Den Forschern zufolge könnte das Kopf-Einziehen somit vorderhand ein positiver Nebeneffekt gewesen sein. Zu diesem Schluss kommen Jérémy Anquetin vom Jurassica Museum in Pruntrut und seine Kollegen aus Thailand und Frankreich nach Untersuchung eines Schildkrötenfossils.  

Heutige Schildkröten lassen sich in zwei Gruppen einteilen, die Halswender- und die Halsberger-Schildkröten. Erstere wenden den Hals beim Einziehen seitwärts und legen ihn seitlich unter den Panzer, letztere können den Hals gerade zurückziehen.
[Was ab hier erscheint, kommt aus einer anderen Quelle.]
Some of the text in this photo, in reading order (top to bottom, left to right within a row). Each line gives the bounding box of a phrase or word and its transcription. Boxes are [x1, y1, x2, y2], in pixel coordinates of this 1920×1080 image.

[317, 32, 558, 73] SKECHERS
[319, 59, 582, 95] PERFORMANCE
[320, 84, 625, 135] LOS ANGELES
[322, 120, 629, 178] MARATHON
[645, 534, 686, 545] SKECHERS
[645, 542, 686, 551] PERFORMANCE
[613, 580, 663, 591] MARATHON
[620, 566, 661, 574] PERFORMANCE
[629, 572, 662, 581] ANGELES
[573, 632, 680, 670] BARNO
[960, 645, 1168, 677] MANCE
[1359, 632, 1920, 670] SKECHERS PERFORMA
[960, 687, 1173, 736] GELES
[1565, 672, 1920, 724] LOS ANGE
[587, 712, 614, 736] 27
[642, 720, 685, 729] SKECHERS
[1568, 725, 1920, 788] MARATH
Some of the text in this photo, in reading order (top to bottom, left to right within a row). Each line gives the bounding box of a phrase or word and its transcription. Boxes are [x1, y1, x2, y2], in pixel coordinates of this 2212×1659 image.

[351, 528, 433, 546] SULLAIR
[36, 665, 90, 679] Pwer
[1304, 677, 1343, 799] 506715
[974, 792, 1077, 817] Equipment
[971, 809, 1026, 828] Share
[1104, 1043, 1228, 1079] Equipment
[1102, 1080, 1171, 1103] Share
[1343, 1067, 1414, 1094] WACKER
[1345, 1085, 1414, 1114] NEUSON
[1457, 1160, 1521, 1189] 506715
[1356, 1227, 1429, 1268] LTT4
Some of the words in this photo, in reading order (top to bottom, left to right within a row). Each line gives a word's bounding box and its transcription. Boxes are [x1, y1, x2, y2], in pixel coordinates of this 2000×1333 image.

Bisher ging man davon aus, dass sich die Fähigkeit zum Kopf-Einziehen bei beiden Gruppen in erster Linie als Schutzmechanismus entwickelte.

Fossil mit überraschendem Hals  
Dass das zumindest bei den Halsberger-Schildkröten nicht unbedingt der Fall war, entdeckten die Forscher um Anquetin anhand der Halswirbel eines Fossils aus dem späten Jura, also von vor rund 150 Millionen Jahren. Dabei handelte es sich um Platychelys oberndorferi, die als eine der ursprünglichsten Halswender-Schildkröten gilt und während des späten Jura im Gebiet der heutigen Schweiz und Deutschlands vorkam.  

Wie die Wissenschaftler berichten, konnte Platychelys ihren Hals aber offenbar vertikal knicken, ähnlich wie die Halsberger-Schildkröten, die sich in der Schildkröten-Evolution aber erst viel später entwickelten.  «Es war eine riesige Überraschung, dieses Element aus der später entwickelten Gruppe bei einer frühen Halswender-Schildkröte zu entdecken», sagte Anquetin gegenüber der Nachrichtenagentur sda.  

Durch diesen Mechanismus konnte Platychelys ihren Kopf teilweise in den Panzer zurückziehen, schreiben die Forscher im Fachblatt «Scientific Reports».

Schutzfunktion war sekundär  
Anhand dieser Entdeckung stellen Anquetin und seine Kollegen ausserdem eine Theorie auf, warum sich diese Art des Kopf-Einziehens später auch bei den Halsberger-Schildkröten entwickelt haben könnte: um die blitzschnelle Vorwärts-Bewegung des Kopfes bei der Jagd auf Fische zu ermöglichen. Erst in zweiter Linie wurde diese Art des Zurückziehen des Kopfes auch zum Schutz umfunktioniert.  

Den Gedankengang erklärt Anquetin so: «Das Skelett von Platychelys ist recht speziell und ähnelt zwei heutigen Schildkrötenarten, die sich am Boden von Gewässern fortbewegen, sich in der Vegetation verbergen und durch Vorschiessen des Kopfes nach Fischen schnappen.» Deshalb vermuten die Wissenschaftler, dass auch Platychelys ähnlich gelebt haben könnte.  

Diese Theorie müsse jedoch in weiteren Studien überprüft werden, räumen die Forscher im Fachartikel ein. Es sei jedoch die erste plausible Hypothese, warum sich der Kopfeinzieh-Mechanismus – also den Hals gerade zurückzuziehen statt seitlich zu knicken – bei den Halsberger-Schildkröten entwickelt haben könnte.